● **WORK REQUEST**
Give back all of the data unchanged. Keep every word as it is.

● **RECORDS PROVIDED**
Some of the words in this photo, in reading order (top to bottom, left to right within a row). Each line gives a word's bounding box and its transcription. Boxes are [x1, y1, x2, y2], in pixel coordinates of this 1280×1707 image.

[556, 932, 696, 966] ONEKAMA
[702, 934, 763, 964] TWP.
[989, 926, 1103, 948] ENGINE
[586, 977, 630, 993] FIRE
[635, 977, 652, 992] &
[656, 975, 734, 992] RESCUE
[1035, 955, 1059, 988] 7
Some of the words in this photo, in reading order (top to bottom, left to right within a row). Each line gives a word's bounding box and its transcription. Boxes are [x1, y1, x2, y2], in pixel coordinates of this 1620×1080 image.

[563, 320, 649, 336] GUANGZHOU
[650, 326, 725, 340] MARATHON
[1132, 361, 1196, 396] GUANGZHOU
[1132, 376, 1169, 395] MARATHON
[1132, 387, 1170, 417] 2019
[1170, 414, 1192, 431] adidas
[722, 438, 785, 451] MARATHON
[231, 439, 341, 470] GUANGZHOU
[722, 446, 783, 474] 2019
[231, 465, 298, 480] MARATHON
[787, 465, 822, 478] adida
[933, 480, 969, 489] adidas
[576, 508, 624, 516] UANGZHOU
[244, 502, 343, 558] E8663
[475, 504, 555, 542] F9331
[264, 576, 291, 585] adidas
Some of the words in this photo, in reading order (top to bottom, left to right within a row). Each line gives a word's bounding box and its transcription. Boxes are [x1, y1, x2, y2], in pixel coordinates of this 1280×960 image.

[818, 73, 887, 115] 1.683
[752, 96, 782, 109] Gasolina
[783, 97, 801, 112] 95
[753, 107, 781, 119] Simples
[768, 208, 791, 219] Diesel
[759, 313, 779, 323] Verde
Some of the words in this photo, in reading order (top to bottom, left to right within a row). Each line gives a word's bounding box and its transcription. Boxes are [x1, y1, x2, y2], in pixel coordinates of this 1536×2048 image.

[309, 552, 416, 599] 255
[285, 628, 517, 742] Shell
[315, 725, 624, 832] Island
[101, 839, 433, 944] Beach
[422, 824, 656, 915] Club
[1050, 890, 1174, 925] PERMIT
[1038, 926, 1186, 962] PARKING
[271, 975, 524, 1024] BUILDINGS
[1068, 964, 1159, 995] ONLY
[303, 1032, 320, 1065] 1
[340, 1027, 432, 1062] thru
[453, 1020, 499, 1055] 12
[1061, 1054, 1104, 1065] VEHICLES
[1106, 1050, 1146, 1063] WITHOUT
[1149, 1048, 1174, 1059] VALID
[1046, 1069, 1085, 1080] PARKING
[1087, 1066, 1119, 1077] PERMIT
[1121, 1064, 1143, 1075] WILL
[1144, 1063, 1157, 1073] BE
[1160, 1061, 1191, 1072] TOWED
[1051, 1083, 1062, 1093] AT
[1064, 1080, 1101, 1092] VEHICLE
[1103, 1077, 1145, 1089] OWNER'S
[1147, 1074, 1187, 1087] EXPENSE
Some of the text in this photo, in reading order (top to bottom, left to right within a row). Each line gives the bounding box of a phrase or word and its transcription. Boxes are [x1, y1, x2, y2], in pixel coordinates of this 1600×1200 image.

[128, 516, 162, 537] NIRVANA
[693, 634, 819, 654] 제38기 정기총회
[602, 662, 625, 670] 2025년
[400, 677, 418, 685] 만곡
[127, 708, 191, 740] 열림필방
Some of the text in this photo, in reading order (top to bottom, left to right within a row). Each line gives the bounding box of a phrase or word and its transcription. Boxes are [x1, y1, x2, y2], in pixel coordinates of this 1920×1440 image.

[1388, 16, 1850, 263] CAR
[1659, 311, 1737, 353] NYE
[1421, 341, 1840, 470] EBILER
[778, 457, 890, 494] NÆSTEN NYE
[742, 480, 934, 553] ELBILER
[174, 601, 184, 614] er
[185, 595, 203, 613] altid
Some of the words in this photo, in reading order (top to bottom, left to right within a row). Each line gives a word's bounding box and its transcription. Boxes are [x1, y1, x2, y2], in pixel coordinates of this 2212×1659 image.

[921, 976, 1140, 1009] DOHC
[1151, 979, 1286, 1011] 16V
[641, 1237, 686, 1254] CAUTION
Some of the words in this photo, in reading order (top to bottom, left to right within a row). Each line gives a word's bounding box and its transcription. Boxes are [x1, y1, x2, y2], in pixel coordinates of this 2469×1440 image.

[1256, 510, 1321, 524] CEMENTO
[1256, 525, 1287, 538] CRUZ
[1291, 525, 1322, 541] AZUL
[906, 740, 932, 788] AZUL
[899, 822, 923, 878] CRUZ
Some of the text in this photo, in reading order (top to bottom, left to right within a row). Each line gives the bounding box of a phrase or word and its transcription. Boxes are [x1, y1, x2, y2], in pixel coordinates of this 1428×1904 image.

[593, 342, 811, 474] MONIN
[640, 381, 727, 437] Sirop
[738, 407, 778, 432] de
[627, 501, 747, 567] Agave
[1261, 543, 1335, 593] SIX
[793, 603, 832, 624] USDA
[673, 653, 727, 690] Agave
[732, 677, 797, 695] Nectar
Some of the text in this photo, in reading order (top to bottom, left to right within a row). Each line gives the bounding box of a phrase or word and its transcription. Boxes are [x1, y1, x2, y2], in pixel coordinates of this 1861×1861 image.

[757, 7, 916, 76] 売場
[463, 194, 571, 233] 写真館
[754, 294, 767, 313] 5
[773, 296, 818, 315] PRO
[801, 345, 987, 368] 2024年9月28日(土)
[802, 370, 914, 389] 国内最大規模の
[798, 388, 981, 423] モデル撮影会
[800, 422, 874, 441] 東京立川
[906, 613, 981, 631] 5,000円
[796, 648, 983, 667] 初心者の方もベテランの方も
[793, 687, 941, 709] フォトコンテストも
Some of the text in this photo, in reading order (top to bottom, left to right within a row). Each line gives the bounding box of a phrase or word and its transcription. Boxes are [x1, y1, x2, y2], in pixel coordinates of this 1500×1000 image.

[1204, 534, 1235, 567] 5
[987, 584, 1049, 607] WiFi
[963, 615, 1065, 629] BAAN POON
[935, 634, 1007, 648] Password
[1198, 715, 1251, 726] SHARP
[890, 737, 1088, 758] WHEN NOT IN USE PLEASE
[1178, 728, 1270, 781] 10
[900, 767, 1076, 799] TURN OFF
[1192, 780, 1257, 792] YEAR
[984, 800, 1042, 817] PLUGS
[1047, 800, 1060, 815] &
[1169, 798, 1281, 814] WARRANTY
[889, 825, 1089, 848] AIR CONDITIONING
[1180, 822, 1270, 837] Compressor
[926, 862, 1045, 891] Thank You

● **WRITTEN ANSWER**
Some of the words in this photo, in reading order (top to bottom, left to right within a row). Each line gives a word's bounding box and its transcription. Boxes are [x1, y1, x2, y2], in pixel coordinates of this 1280×1707 image.

[556, 932, 696, 966] ONEKAMA
[702, 934, 763, 964] TWP.
[989, 926, 1103, 948] ENGINE
[586, 977, 630, 993] FIRE
[635, 977, 652, 992] &
[656, 975, 734, 992] RESCUE
[1035, 955, 1059, 988] 7
Some of the words in this photo, in reading order (top to bottom, left to right within a row). Each line gives a word's bounding box and its transcription. Boxes are [x1, y1, x2, y2], in pixel coordinates of this 1620×1080 image.

[563, 320, 649, 336] GUANGZHOU
[650, 326, 725, 340] MARATHON
[1132, 361, 1196, 396] GUANGZHOU
[1132, 376, 1169, 395] MARATHON
[1132, 387, 1170, 417] 2019
[1170, 414, 1192, 431] adidas
[722, 438, 785, 451] MARATHON
[231, 439, 341, 470] GUANGZHOU
[722, 446, 783, 474] 2019
[231, 465, 298, 480] MARATHON
[787, 465, 822, 478] adida
[933, 480, 969, 489] adidas
[576, 508, 624, 516] UANGZHOU
[244, 502, 343, 558] E8663
[475, 504, 555, 542] F9331
[264, 576, 291, 585] adidas
Some of the words in this photo, in reading order (top to bottom, left to right within a row). Each line gives a word's bounding box and its transcription. Boxes are [x1, y1, x2, y2], in pixel coordinates of this 1280×960 image.

[818, 73, 887, 115] 1.683
[752, 96, 782, 109] Gasolina
[783, 97, 801, 112] 95
[753, 107, 781, 119] Simples
[768, 208, 791, 219] Diesel
[759, 313, 779, 323] Verde
Some of the words in this photo, in reading order (top to bottom, left to right within a row). Each line gives a word's bounding box and its transcription. Boxes are [x1, y1, x2, y2], in pixel coordinates of this 1536×2048 image.

[309, 552, 416, 599] 255
[285, 628, 517, 742] Shell
[315, 725, 624, 832] Island
[101, 839, 433, 944] Beach
[422, 824, 656, 915] Club
[1050, 890, 1174, 925] PERMIT
[1038, 926, 1186, 962] PARKING
[271, 975, 524, 1024] BUILDINGS
[1068, 964, 1159, 995] ONLY
[303, 1032, 320, 1065] 1
[340, 1027, 432, 1062] thru
[453, 1020, 499, 1055] 12
[1061, 1054, 1104, 1065] VEHICLES
[1106, 1050, 1146, 1063] WITHOUT
[1149, 1048, 1174, 1059] VALID
[1046, 1069, 1085, 1080] PARKING
[1087, 1066, 1119, 1077] PERMIT
[1121, 1064, 1143, 1075] WILL
[1144, 1063, 1157, 1073] BE
[1160, 1061, 1191, 1072] TOWED
[1051, 1083, 1062, 1093] AT
[1064, 1080, 1101, 1092] VEHICLE
[1103, 1077, 1145, 1089] OWNER'S
[1147, 1074, 1187, 1087] EXPENSE
Some of the text in this photo, in reading order (top to bottom, left to right within a row). Each line gives the bounding box of a phrase or word and its transcription. Boxes are [x1, y1, x2, y2], in pixel coordinates of this 1600×1200 image.

[128, 516, 162, 537] NIRVANA
[693, 634, 819, 654] 제38기 정기총회
[602, 662, 625, 670] 2025년
[400, 677, 418, 685] 만곡
[127, 708, 191, 740] 열림필방
Some of the text in this photo, in reading order (top to bottom, left to right within a row). Each line gives the bounding box of a phrase or word and its transcription. Boxes are [x1, y1, x2, y2], in pixel coordinates of this 1920×1440 image.

[1388, 16, 1850, 263] CAR
[1659, 311, 1737, 353] NYE
[1421, 341, 1840, 470] EBILER
[778, 457, 890, 494] NÆSTEN NYE
[742, 480, 934, 553] ELBILER
[174, 601, 184, 614] er
[185, 595, 203, 613] altid
Some of the words in this photo, in reading order (top to bottom, left to right within a row). Each line gives a word's bounding box and its transcription. Boxes are [x1, y1, x2, y2], in pixel coordinates of this 2212×1659 image.

[921, 976, 1140, 1009] DOHC
[1151, 979, 1286, 1011] 16V
[641, 1237, 686, 1254] CAUTION
Some of the words in this photo, in reading order (top to bottom, left to right within a row). Each line gives a word's bounding box and its transcription. Boxes are [x1, y1, x2, y2], in pixel coordinates of this 2469×1440 image.

[1256, 510, 1321, 524] CEMENTO
[1256, 525, 1287, 538] CRUZ
[1291, 525, 1322, 541] AZUL
[906, 740, 932, 788] AZUL
[899, 822, 923, 878] CRUZ
Some of the text in this photo, in reading order (top to bottom, left to right within a row). Each line gives the bounding box of a phrase or word and its transcription. Boxes are [x1, y1, x2, y2], in pixel coordinates of this 1428×1904 image.

[593, 342, 811, 474] MONIN
[640, 381, 727, 437] Sirop
[738, 407, 778, 432] de
[627, 501, 747, 567] Agave
[1261, 543, 1335, 593] SIX
[793, 603, 832, 624] USDA
[673, 653, 727, 690] Agave
[732, 677, 797, 695] Nectar
Some of the text in this photo, in reading order (top to bottom, left to right within a row). Each line gives the bounding box of a phrase or word and its transcription. Boxes are [x1, y1, x2, y2], in pixel coordinates of this 1861×1861 image.

[757, 7, 916, 76] 売場
[463, 194, 571, 233] 写真館
[754, 294, 767, 313] 5
[773, 296, 818, 315] PRO
[801, 345, 987, 368] 2024年9月28日(土)
[802, 370, 914, 389] 国内最大規模の
[798, 388, 981, 423] モデル撮影会
[800, 422, 874, 441] 東京立川
[906, 613, 981, 631] 5,000円
[796, 648, 983, 667] 初心者の方もベテランの方も
[793, 687, 941, 709] フォトコンテストも
Some of the text in this photo, in reading order (top to bottom, left to right within a row). Each line gives the bounding box of a phrase or word and its transcription. Boxes are [x1, y1, x2, y2], in pixel coordinates of this 1500×1000 image.

[1204, 534, 1235, 567] 5
[987, 584, 1049, 607] WiFi
[963, 615, 1065, 629] BAAN POON
[935, 634, 1007, 648] Password
[1198, 715, 1251, 726] SHARP
[890, 737, 1088, 758] WHEN NOT IN USE PLEASE
[1178, 728, 1270, 781] 10
[900, 767, 1076, 799] TURN OFF
[1192, 780, 1257, 792] YEAR
[984, 800, 1042, 817] PLUGS
[1047, 800, 1060, 815] &
[1169, 798, 1281, 814] WARRANTY
[889, 825, 1089, 848] AIR CONDITIONING
[1180, 822, 1270, 837] Compressor
[926, 862, 1045, 891] Thank You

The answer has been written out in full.